Retailers: Navigating New EPA Hazardous Waste Pharmaceuticals Rule

By: Stericycle

The U.S. Environmental Protection Agency (EPA) recently published its highly anticipated final rule on the Management Standards for Hazardous Waste Pharmaceuticals.

These new regulations require retailers with pharmacies to examine – and likely restructure – their hazardous waste management practices. Additionally, the rule also has implications for retailers without pharmaceuticals, as it addresses the reverse logistics of all retail products. Failure to comply with any part of the standards can result in costly fines and brand damage.

While the new legislation was detailed in hundreds of pages, here is a summary, along with highlights on what retailers need to know to stay compliant. Click here to view the full presentation.

Key Provisions
  • Eliminates “sewering” of hazardous waste pharmaceuticals.Effective immediately, this ban prohibits health care facilities from sewering any hazardous waste pharmaceuticals.
  • Provides regulatory clarity on how pharmaceuticals must be managed. These new regulations eliminate the dual regulation of RCRA hazardous waste pharmaceuticals that are also DEA controlled substances.
  • Offers regulatory relief to health care facilities for management of hazardous waste pharmaceuticals. The rule outlines that hazardous waste pharmaceuticals do not count toward generator status, eases labeling and manifesting and clarifies what wastes should be shipped to reverse distributors.
  • Amends the listing of nicotine patches, gums and lozenges.These items no longer have to be managed as hazardous waste. However, e-cigarettes and similar products are still considered hazardous but do not count towards generator status.
  • Adoption will vary. Authorized states have until July 1, 2021 to adopt the rule, while states that require statutory amendment have until July 1, 2022.
Beyond Pharmaceuticals

The new rule also has relevance to retailers without pharmaceuticals. The EPA reaffirmed that unsold retail products managed through reverse logistics centers are not solid hazardous waste if managed through reverse logistics and have a reasonable expectation of being used, reused or reclaimed.

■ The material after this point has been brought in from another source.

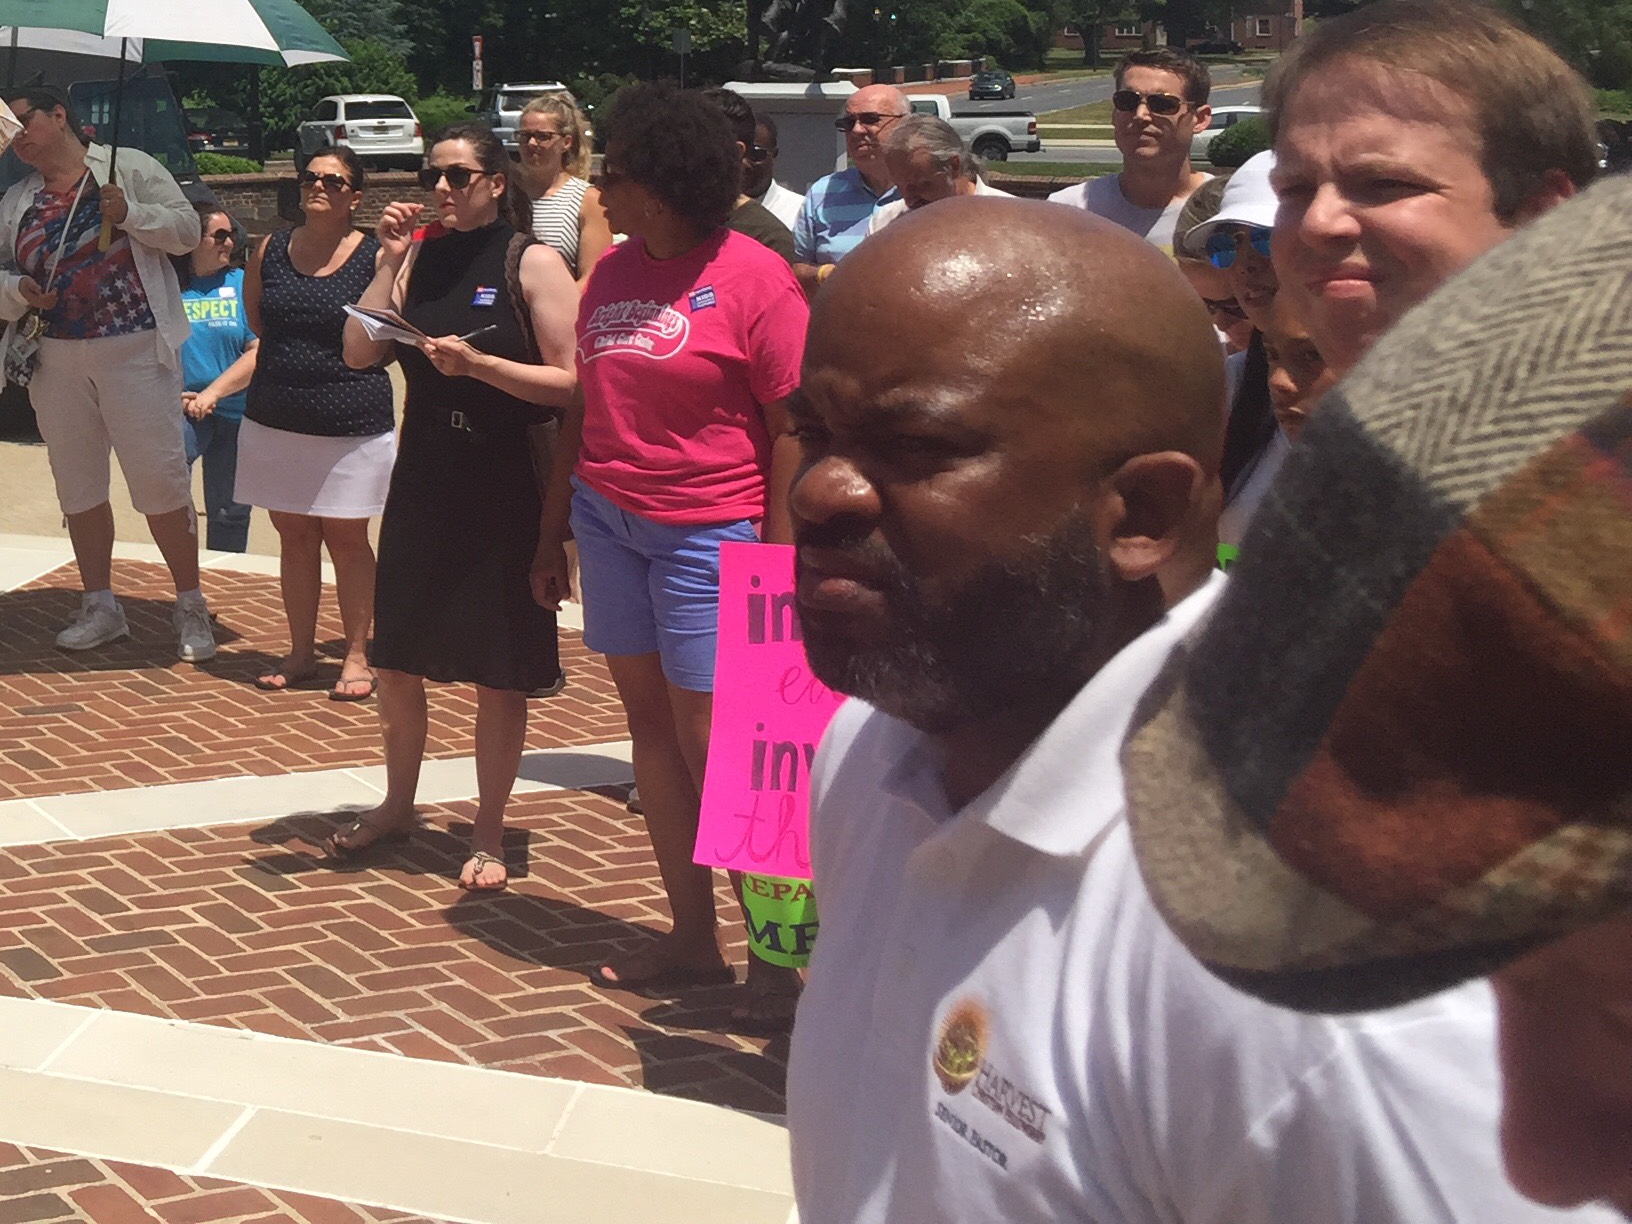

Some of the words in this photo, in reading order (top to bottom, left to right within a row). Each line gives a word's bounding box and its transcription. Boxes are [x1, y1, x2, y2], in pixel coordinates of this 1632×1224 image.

The agency allows some flexibility related to “reasonable expectation” but points to six key considerations:

  1. “Reasonable expectation:” Ultimate disposition of the item could be made at the manufacturer, distributor or reverse logistics location.
  2. Expiration date: Expired items are not automatically a waste.
  3. Direction to destroy: Do business rules allow for redistribution, donation or reuse?
  4. Decision to discard: Is there a manufacturer’s credit?
  5. Recall exemption: Items involved in approved recalls are exempt.
  6. Damaged retail items: What is damaged? Leaking, broken or damaged items not allowed to be sent to reverse logistics.
Next Steps

Though these are final regulations, the current rules remain in effect until the effective date in the federal register and states adopt them. It is recommended that retailers review the regulations and begin planning for the changes to take effect.